# 08 ford f250grill cover



## greggwim (Jan 11, 2008)

Hello i have a question i have the 6.4 that came with winter grill cover. I am thinking about installing it for plowing but was wondering if it will cause it to over heat thank you for any of the info thanks
gregg


----------



## chcav1218 (Jul 31, 2008)

It may if you drive at high speeds with the plow up. Angling the plow helps. You can always just try it out and if you find that the truck is running too hot, just take off the grill cover.


----------



## ABES (Jun 10, 2007)

You need to use it on a late model Ford diesel or you will keep getting the "check air filter" light, from snow getting into the air filter sensor. My bosses Fords had problems like this until we installed the Grille covers no problems now.
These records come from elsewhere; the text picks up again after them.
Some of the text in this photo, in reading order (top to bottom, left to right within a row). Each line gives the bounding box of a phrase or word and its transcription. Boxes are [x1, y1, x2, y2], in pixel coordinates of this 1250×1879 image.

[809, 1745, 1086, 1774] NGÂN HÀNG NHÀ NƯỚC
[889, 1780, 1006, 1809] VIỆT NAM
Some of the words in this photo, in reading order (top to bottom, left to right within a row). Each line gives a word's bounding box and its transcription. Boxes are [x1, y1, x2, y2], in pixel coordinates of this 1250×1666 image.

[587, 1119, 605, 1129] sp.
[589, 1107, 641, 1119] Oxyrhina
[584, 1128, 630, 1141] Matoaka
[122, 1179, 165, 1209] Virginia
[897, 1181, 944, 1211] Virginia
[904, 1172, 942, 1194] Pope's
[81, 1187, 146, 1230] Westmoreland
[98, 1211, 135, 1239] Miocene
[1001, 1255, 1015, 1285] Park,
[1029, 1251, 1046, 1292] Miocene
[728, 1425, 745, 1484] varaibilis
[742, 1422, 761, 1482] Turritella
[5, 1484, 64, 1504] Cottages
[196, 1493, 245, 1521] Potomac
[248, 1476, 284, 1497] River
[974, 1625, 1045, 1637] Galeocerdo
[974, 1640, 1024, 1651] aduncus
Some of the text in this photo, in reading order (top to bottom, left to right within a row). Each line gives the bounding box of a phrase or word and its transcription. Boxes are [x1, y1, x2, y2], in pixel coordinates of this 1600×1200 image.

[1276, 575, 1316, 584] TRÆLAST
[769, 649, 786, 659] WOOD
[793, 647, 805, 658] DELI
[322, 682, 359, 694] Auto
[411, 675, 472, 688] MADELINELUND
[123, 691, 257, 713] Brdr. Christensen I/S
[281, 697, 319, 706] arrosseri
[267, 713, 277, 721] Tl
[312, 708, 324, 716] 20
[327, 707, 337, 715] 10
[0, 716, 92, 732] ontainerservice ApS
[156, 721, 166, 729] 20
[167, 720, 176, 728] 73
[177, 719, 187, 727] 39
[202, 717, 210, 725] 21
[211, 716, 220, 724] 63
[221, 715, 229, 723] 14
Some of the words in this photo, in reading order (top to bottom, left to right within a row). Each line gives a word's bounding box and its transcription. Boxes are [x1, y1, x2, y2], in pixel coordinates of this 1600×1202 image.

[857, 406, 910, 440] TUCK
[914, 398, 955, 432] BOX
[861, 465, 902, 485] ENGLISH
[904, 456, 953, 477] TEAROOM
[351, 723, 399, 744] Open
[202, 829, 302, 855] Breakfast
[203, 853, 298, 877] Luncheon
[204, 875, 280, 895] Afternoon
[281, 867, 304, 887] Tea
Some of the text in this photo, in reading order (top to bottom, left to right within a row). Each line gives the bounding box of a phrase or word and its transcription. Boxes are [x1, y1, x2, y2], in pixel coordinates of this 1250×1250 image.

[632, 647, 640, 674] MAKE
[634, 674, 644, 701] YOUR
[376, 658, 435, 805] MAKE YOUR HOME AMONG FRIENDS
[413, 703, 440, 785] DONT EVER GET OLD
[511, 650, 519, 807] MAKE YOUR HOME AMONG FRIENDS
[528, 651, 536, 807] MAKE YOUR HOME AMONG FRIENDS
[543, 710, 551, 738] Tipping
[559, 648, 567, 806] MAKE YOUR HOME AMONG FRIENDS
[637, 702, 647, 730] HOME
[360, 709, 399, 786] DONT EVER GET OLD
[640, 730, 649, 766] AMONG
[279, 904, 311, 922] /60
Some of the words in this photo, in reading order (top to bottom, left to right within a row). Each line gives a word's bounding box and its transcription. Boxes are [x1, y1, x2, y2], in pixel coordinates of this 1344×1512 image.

No overheating either.


----------



## ColliganLands (Sep 4, 2008)

where do you get these covers. i want one for my truck its takes forever to make heat now and ive been using the block heater


----------



## Gicon (Oct 1, 2005)

ColliganLands;620440 said:


> where do you get these covers. i want one for my truck its takes forever to make heat now and ive been using the block heater


You alright bro? You are using your engine block heater now? You crazy???? Youre not getting heat because you probably have a problem with your A/C system. Start with the thermostat. I have the same engine bro and I get heat in no time. We do live in the same area. I have never ever plugged my 6.0L in, ever. You might want to get that looked at.


----------



## Gicon (Oct 1, 2005)

greggwim;620327 said:


> Hello i have a question i have the 6.4 that came with winter grill cover. I am thinking about installing it for plowing but was wondering if it will cause it to over heat thank you for any of the info thanks
> gregg


Gregg, you dont need a grille cover on that truck. Not to mention the truck has an electric heater to provide you with instant heat the minute you turn the truck on. That engine needs to breath.


----------



## MickiRig1 (Dec 5, 2003)

Hopefully your talking about the intake cover to keep snow out. I have not driven any year Powerstroke that had poor heat. The new 6.4 will run you out on high blower. The older ones take a few miles to warm up, but they too have good heat.


----------



## ColliganLands (Sep 4, 2008)

my truck just came back from the dealer with almost 12k in new parts so theres nothing wrong with it. other than i need new batteries. thats the main reason i use the block heater or else it would never start becasue the batteries are pretty much gone.
so i guess no cover and once i get the batteries fixed it will be warm.
it warms up in 5 -10 minutes but its been cold lately .


----------



## Gicon (Oct 1, 2005)

You put $12,000 in an 05????????? You buy a new engine, new tranny, some ball joints and some brakes?>?>>>


----------



## Gicon (Oct 1, 2005)

ColliganLands;620746 said:


> my truck just came back from the dealer with almost 12k in new parts so theres nothing wrong with it.
> so i guess no cover and once i get the batteries fixed it will be warm.
> it warms up in 5 -10 minutes but its been cold lately .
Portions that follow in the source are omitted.